Phrase grounding data

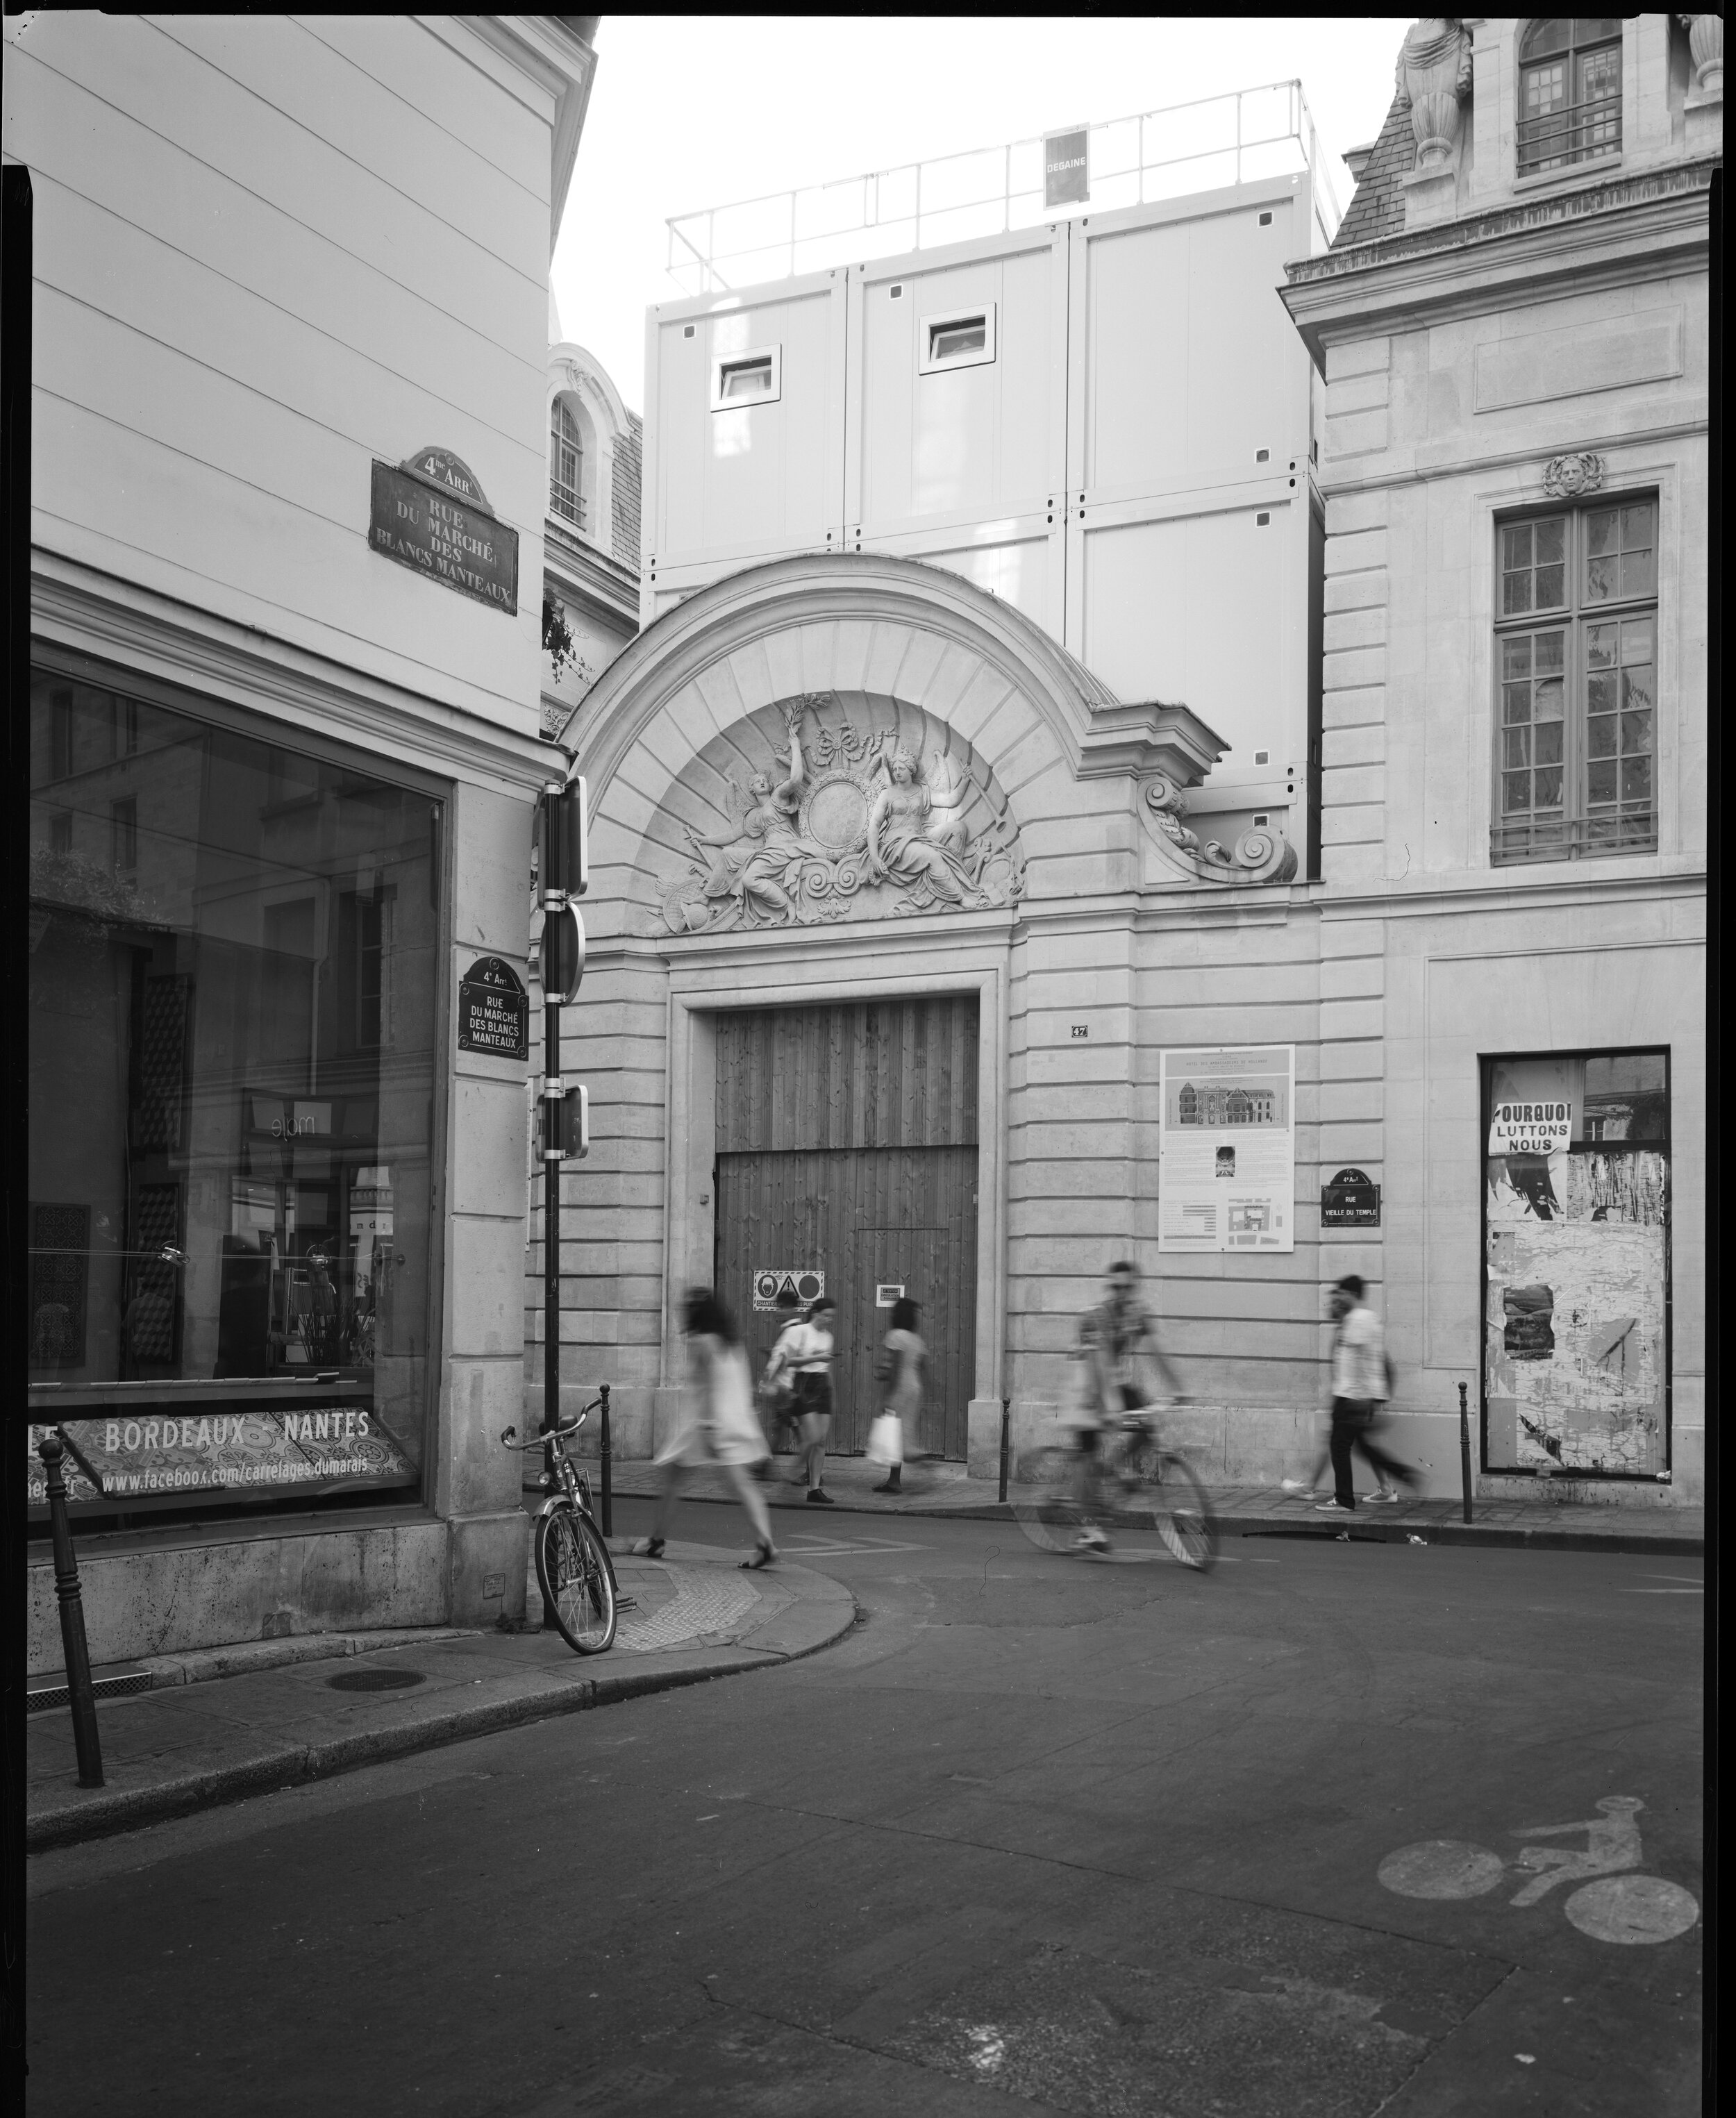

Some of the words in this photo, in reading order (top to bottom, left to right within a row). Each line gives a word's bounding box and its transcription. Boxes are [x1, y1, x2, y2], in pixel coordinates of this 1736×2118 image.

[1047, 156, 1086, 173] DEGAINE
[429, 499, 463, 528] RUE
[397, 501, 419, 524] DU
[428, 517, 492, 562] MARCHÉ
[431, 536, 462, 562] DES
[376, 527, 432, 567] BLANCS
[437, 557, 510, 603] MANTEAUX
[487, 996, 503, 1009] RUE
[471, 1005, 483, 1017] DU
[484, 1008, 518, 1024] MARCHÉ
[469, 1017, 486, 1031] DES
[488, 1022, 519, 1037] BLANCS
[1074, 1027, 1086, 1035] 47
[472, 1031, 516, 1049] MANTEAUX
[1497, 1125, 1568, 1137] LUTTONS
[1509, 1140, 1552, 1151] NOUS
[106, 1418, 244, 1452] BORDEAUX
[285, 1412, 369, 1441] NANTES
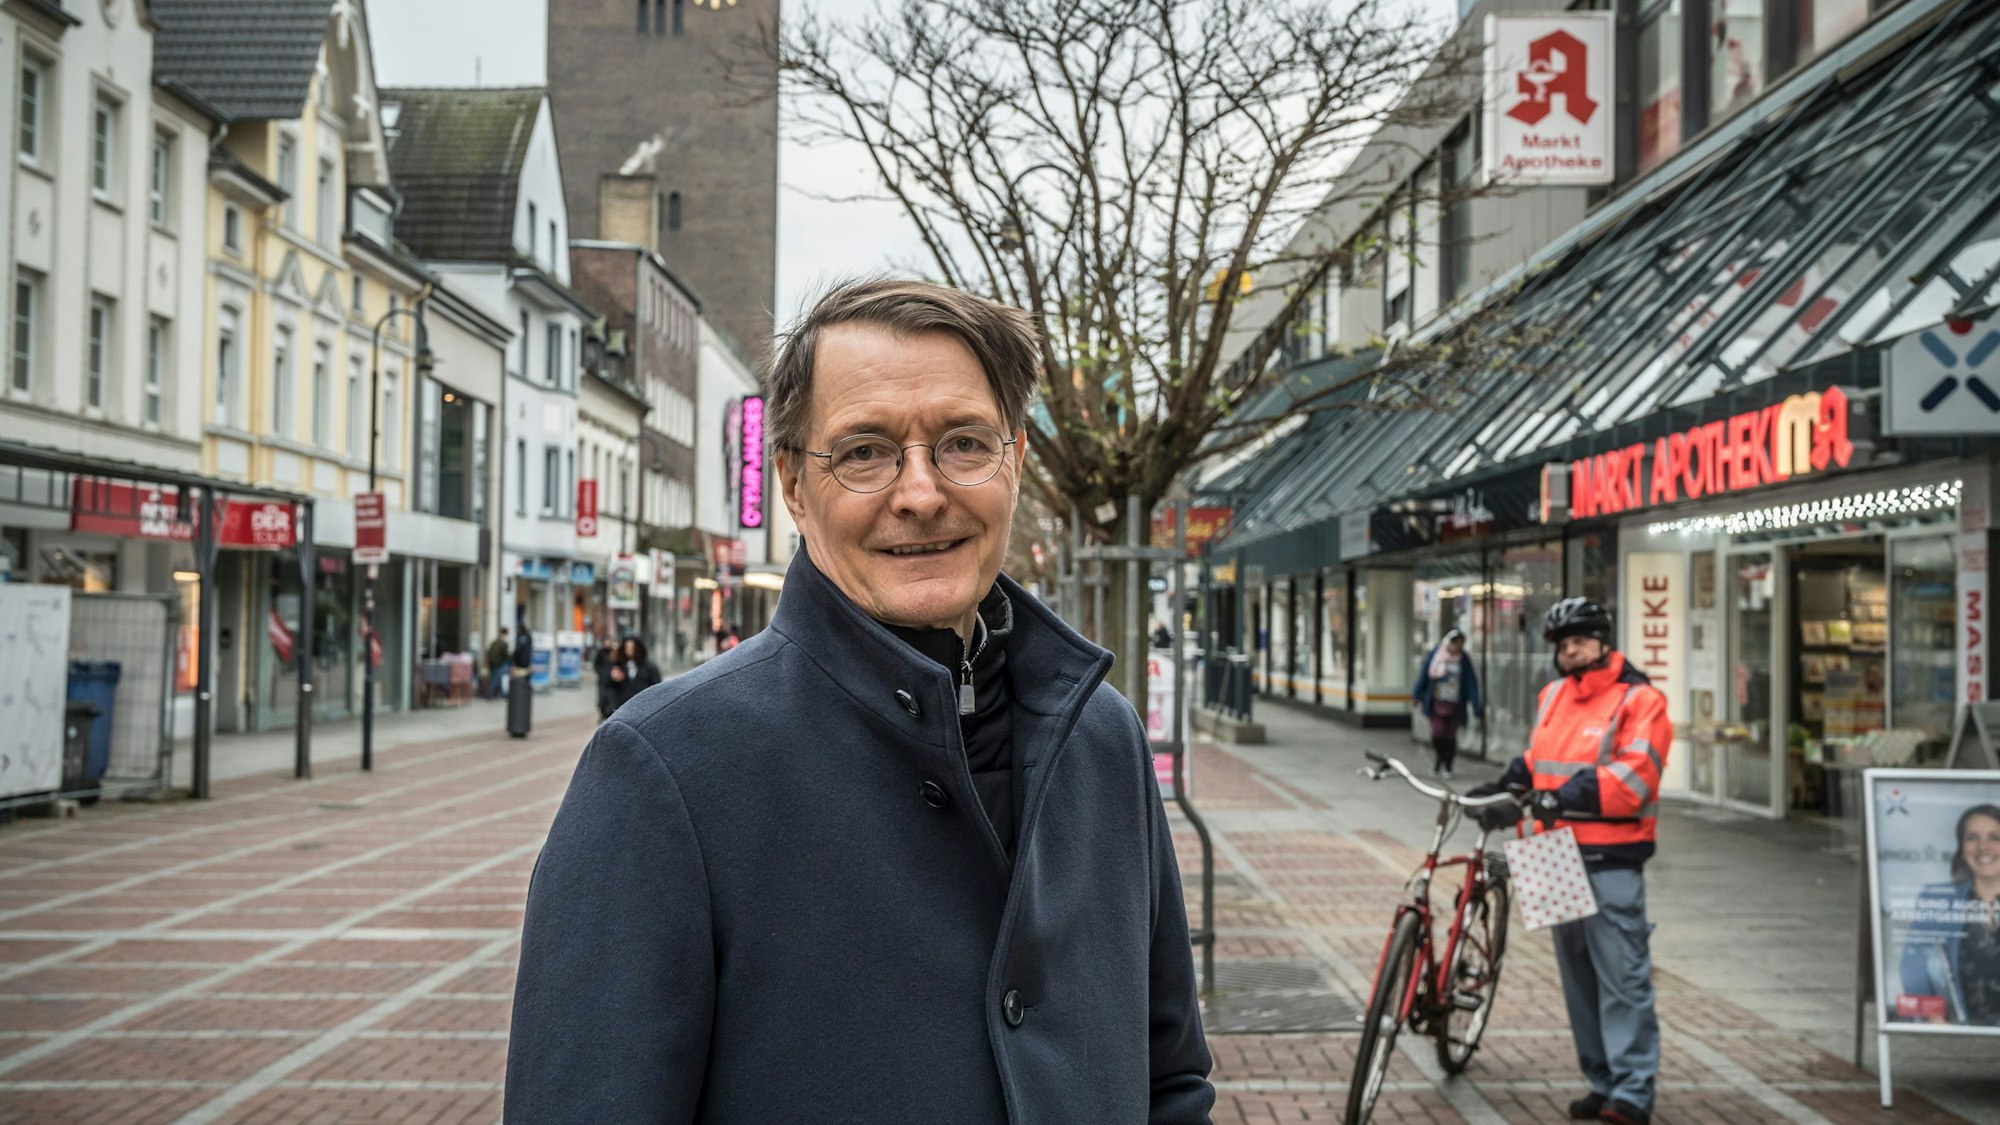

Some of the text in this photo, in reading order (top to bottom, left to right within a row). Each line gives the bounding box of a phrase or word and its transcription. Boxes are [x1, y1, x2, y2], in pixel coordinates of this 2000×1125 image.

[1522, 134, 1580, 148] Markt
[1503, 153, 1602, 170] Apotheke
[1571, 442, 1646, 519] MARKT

Exercise goal » Would you please repeat all the data word for word, but without the pictures?

Response area »
Some of the words in this photo, in reading order (top to bottom, left to right within a row). Each line gives a word's bounding box and its transcription. Boxes are [x1, y1, x2, y2], in pixel coordinates of this 1736×2118 image.

[1047, 156, 1086, 173] DEGAINE
[429, 499, 463, 528] RUE
[397, 501, 419, 524] DU
[428, 517, 492, 562] MARCHÉ
[431, 536, 462, 562] DES
[376, 527, 432, 567] BLANCS
[437, 557, 510, 603] MANTEAUX
[487, 996, 503, 1009] RUE
[471, 1005, 483, 1017] DU
[484, 1008, 518, 1024] MARCHÉ
[469, 1017, 486, 1031] DES
[488, 1022, 519, 1037] BLANCS
[1074, 1027, 1086, 1035] 47
[472, 1031, 516, 1049] MANTEAUX
[1497, 1125, 1568, 1137] LUTTONS
[1509, 1140, 1552, 1151] NOUS
[106, 1418, 244, 1452] BORDEAUX
[285, 1412, 369, 1441] NANTES

Some of the text in this photo, in reading order (top to bottom, left to right within a row). Each line gives the bounding box of a phrase or word and its transcription. Boxes are [x1, y1, x2, y2], in pixel coordinates of this 2000×1125 image.

[1522, 134, 1580, 148] Markt
[1503, 153, 1602, 170] Apotheke
[1571, 442, 1646, 519] MARKT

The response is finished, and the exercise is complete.